◆ **WHAT YOU ARE ASKED TO DO**
Every line of the listing is returned unchanged, and every picture is dropped.

◆ **DATA TO EXAMINE**

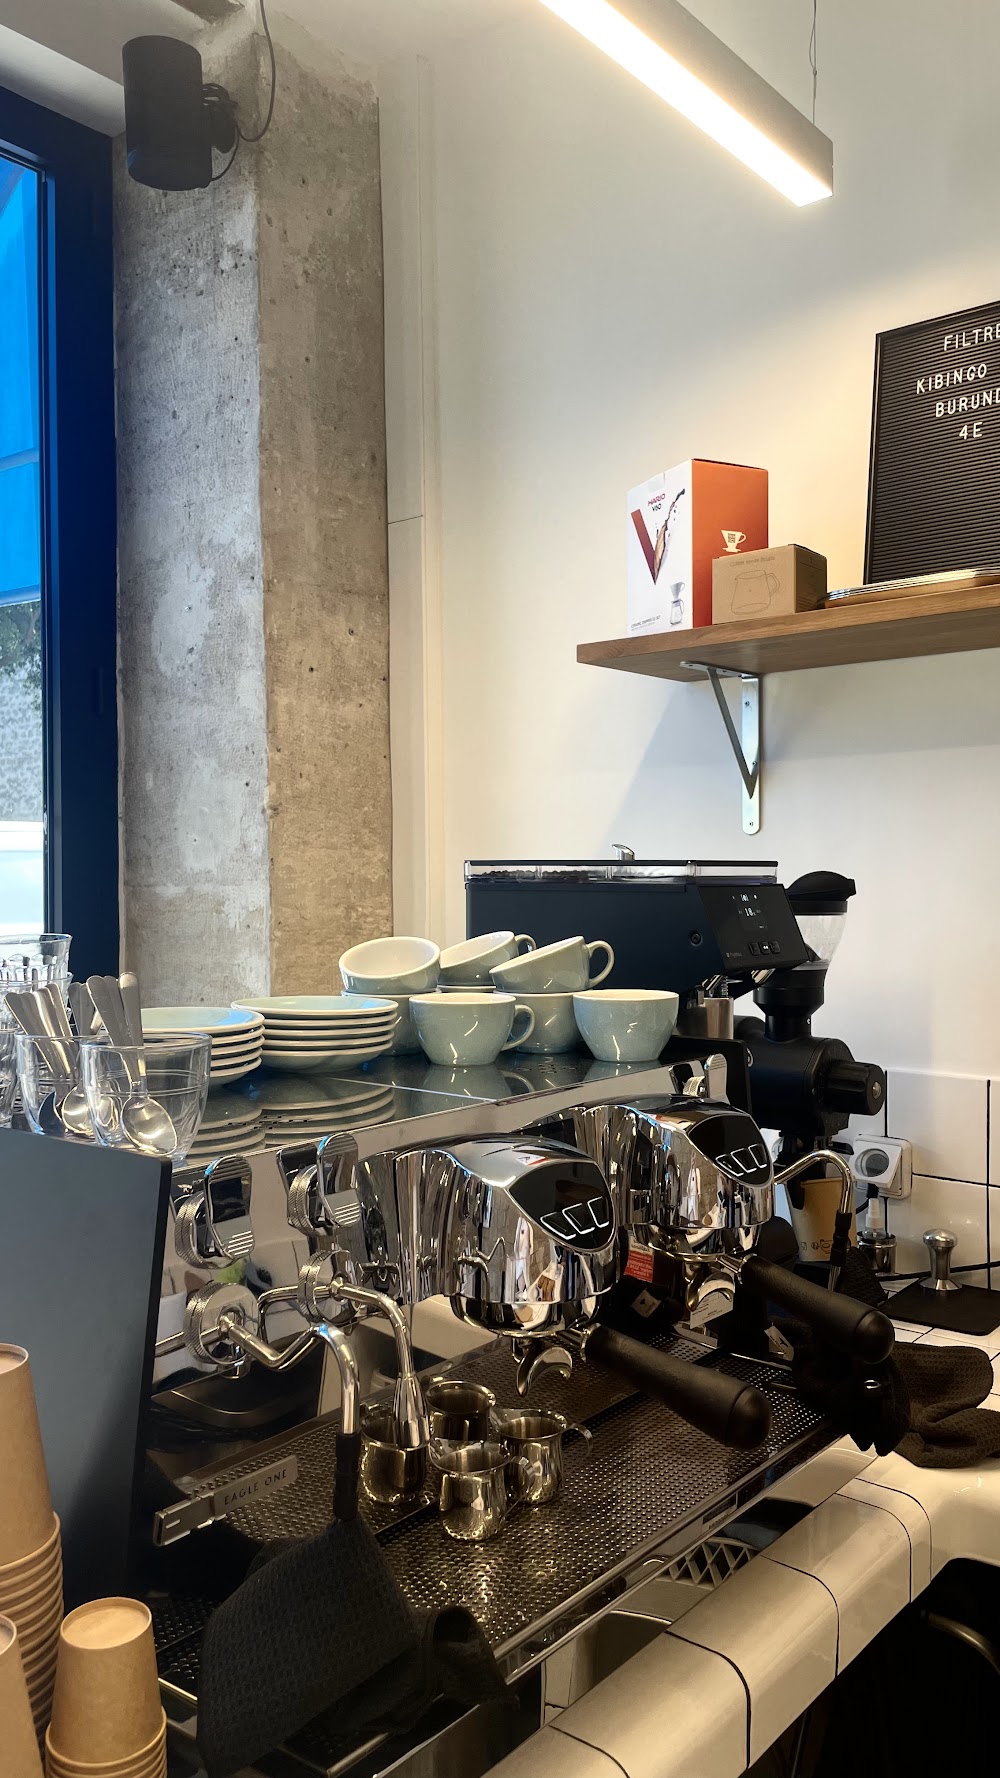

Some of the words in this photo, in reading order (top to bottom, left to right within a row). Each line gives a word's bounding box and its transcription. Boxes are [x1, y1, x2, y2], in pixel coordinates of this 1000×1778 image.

[916, 363, 988, 394] KIBINGO
[224, 1482, 259, 1506] EAGLE
[264, 1469, 287, 1486] ONE
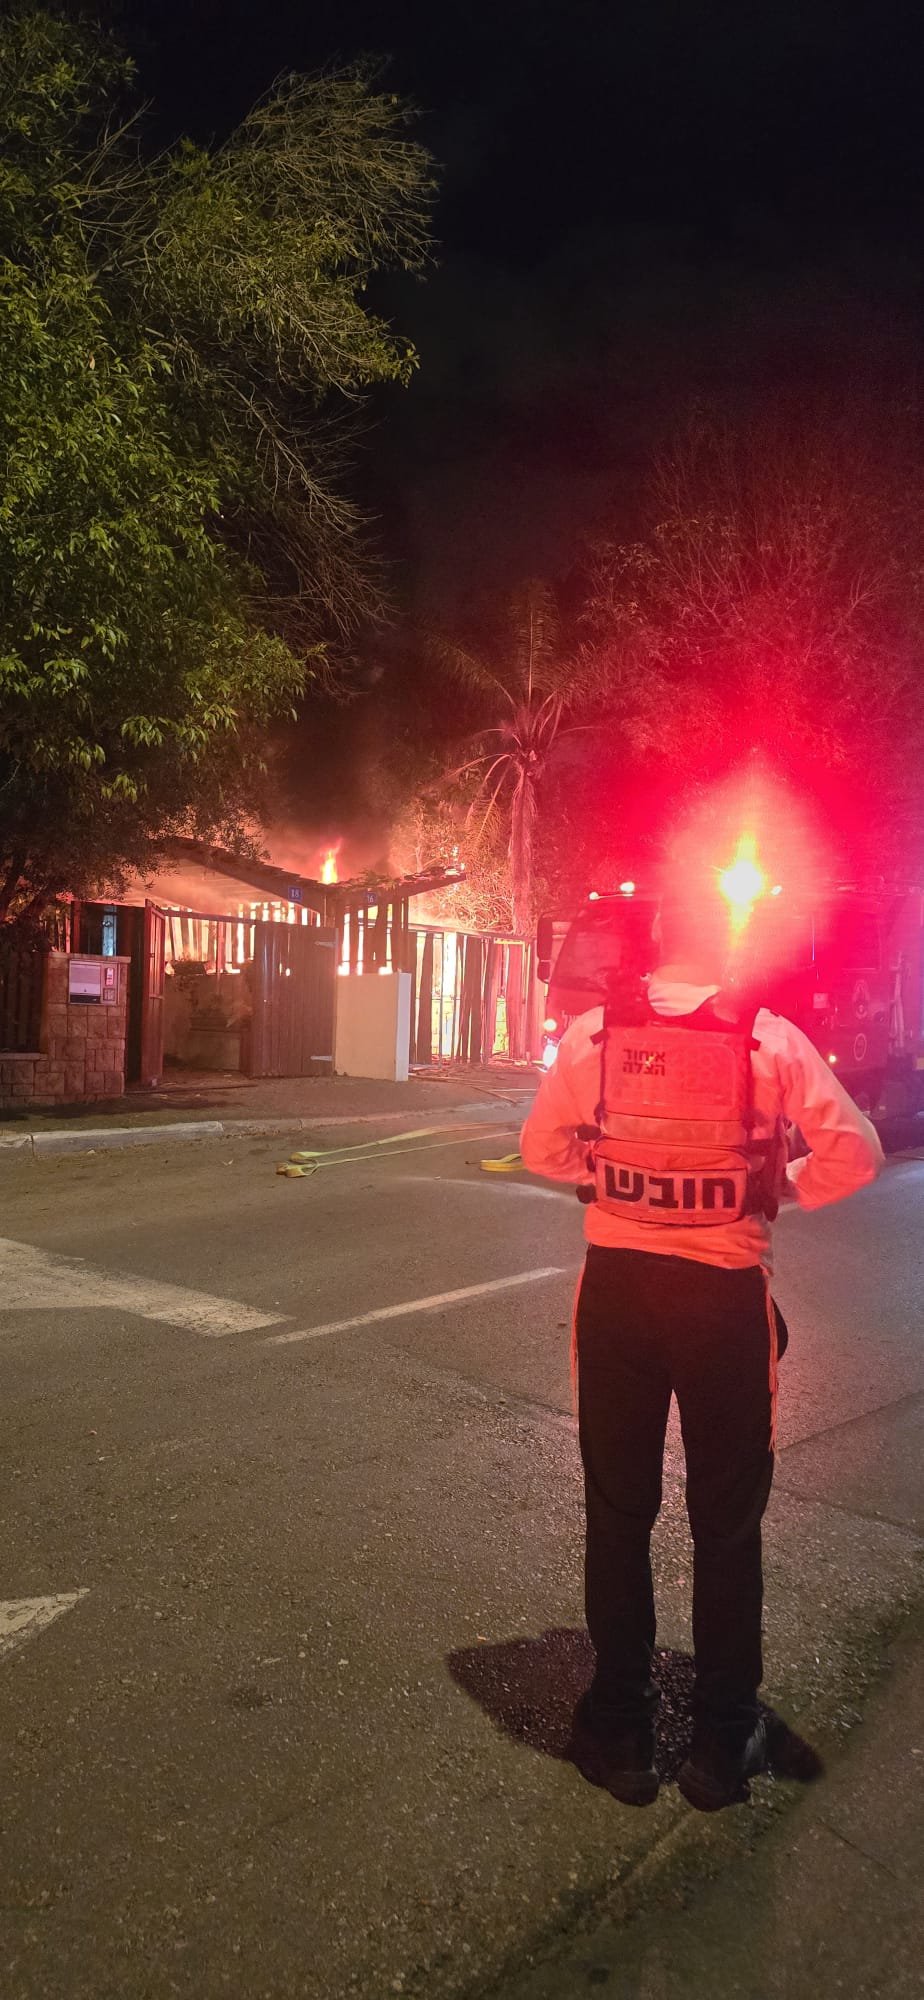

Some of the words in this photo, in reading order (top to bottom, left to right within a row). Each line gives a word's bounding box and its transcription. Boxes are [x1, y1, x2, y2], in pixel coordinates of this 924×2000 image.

[623, 1048, 666, 1063] איחוד
[623, 1061, 666, 1077] הצלה
[604, 1164, 737, 1210] חובש

◆ **WRITTEN REPLY**
Some of the words in this photo, in reading order (top to bottom, left to right within a row). Each line gives a word's bounding box and its transcription. Boxes are [x1, y1, x2, y2], in pixel coordinates of this 1000×1778 image.

[916, 363, 988, 394] KIBINGO
[224, 1482, 259, 1506] EAGLE
[264, 1469, 287, 1486] ONE

Some of the words in this photo, in reading order (top to bottom, left to right within a row). Each line gives a word's bounding box and its transcription. Boxes are [x1, y1, x2, y2], in pixel coordinates of this 924×2000 image.

[623, 1048, 666, 1063] איחוד
[623, 1061, 666, 1077] הצלה
[604, 1164, 737, 1210] חובש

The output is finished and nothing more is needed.